The goal is to automate data interpretation to deliver actionable maintenance recommendations. Concretely, there are 89 buildings, each of them having the consumption of energy/heat of that given building as KPI. The influencers are metered data like the temperatures of incoming and outgoing water flow, the amount of water flowing through the pipe and meteorological data like the outside temperature, wind speed and wind direction. In case of suspicious behavior of the heat consumption of any building, there should be an alert; knowing when something abnormal is happening allows doing inspections in the correct city, of the proper building, and at the right time. In addition, it is vital to have the possibility to analyze potential root causes of a given anomaly. This directs to possible reasons behind an abnormal situation (a data problem, a ruptured pipe, a loss of system pressure, stealing of water, issues with a radiator or boiler, etc.). The determined root cause may be a decisive factor in whether to do an inspection or not and, if so, which components of the system are under suspicion of not working correctly/adequately.
Demonstrationβ
This section serves as a demonstration of root cause analysis in TIM Studio. Download the data by clicking on the download link.
KPIβ
The data used in this example are assembled from a building in the Netherlands. The heat consumption of this building is the KPI. This KPI is the second column in the CSV file, right after the column with timestamps. In this case, the name of the KPI is HeatConsumption. The data has a daily sampling rate.
Influencer candidatesβ
As influencers, flow temperature, return temperature, volume flow, outside temperature, wind speed and wind direction are used. Thus, for model building, historical actuals of meteorological data as well as metered data are used. As the same historical data would be available in the daily operational mode, this is a representative simulation. The data used in this example covers the period from 2017-08-02 00:00:00 to 2018-10-25 00:00:00.
TIM Studio demonstrationβ
The next part show a step-by-step on how to perform RCA in TIM Studio. The demonstration than goes further to take a look at potential root causes of concrete anomalies.
As this demonstration is meant to cover RCA on anomaly detection models, it starts out in an anomaly detection experiment with an executed or selected build-model job (i.e. the user is looking at the results of an anomaly detection model building job). More information on how to navigate TIM Studio and create such an experiment can be found starting in the section on navigating TIM Studio. The model that is started from in this solution template is built with default configuration.

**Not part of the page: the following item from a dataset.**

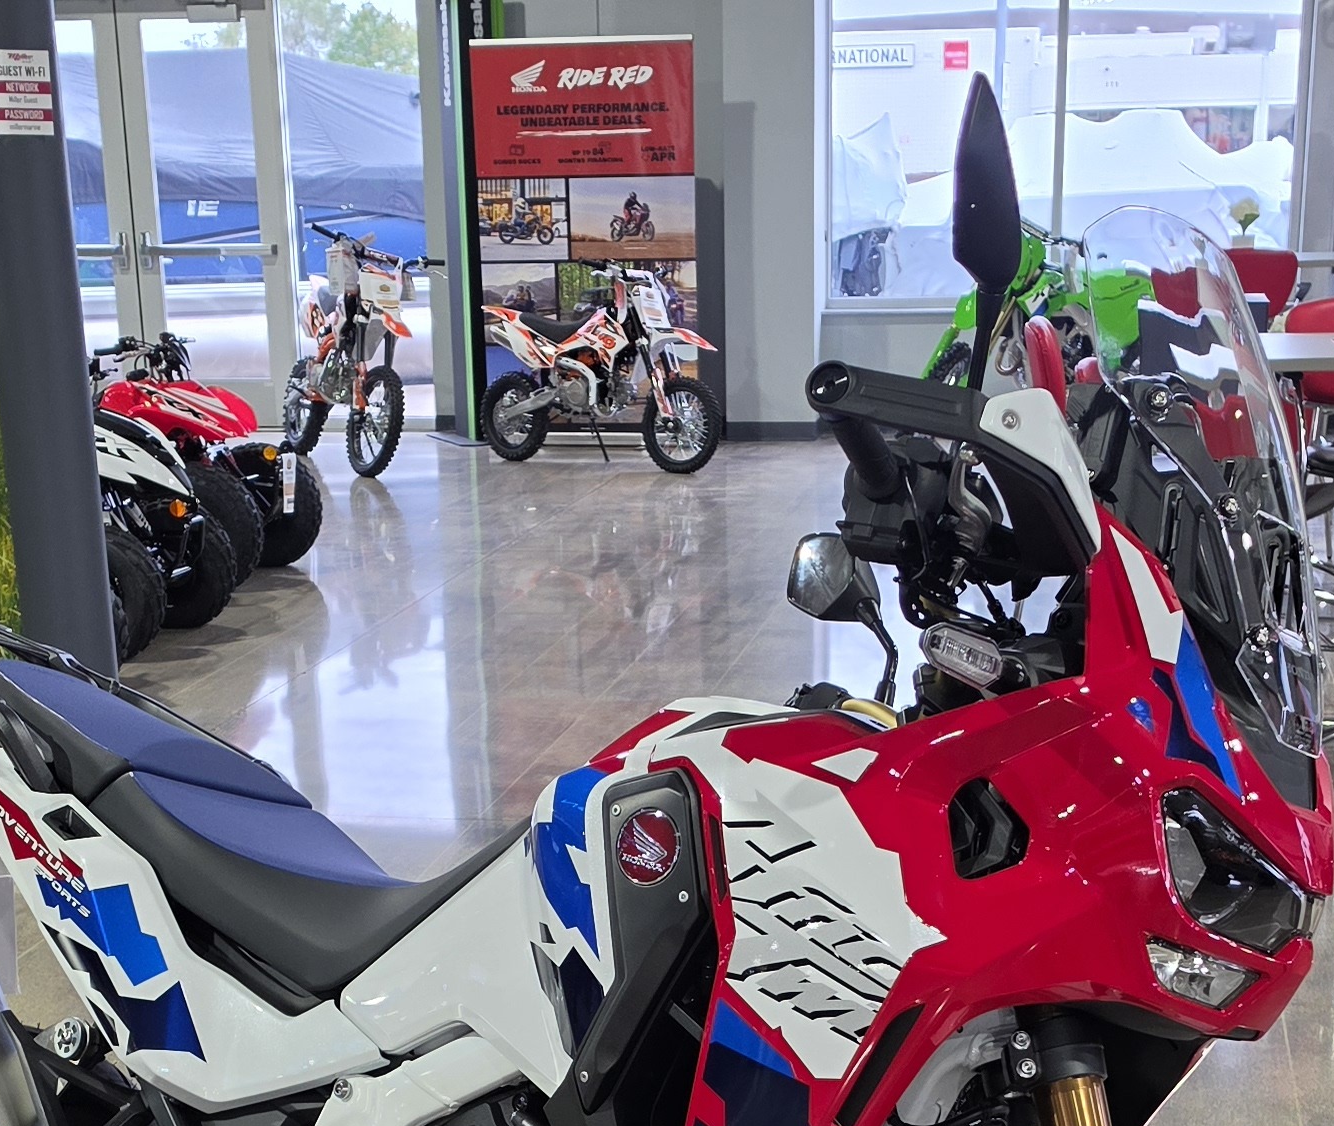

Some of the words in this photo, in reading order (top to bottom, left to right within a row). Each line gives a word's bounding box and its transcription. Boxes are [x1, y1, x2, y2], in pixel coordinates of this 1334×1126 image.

The results of an anomaly detection (build-model) jobβ
The results of the job that should be visible at the start of this walkthrough should look something like in the image below:
The main outputs that are important to notice now are the normal behavior, the anomaly indicators, the detected anomalies and the model importances. Variables can be selected and deselected in the line chart to the user's preferences, and the line chart also support zooming and other manipulations. The main line chart and the anomaly indicators line chart are synchronized: this means their zooming and panning remain in the same state, and only anomalies detected based on a selected anomaly indicator are visualized in the top line chart.
Root cause analysisβ
The next step is to analyze the possible root causes of the most suspicious situations in the output above. The situations to inspect are indicated in the image below (1, 2 and 3). In all of these situations, the anomaly indicator representing the residuals perspective crossed the threshold. In situation 2, the anomaly indicator representing the imbalance perspective also crossed the threshold. This can suggest there is a problem of a longer duration.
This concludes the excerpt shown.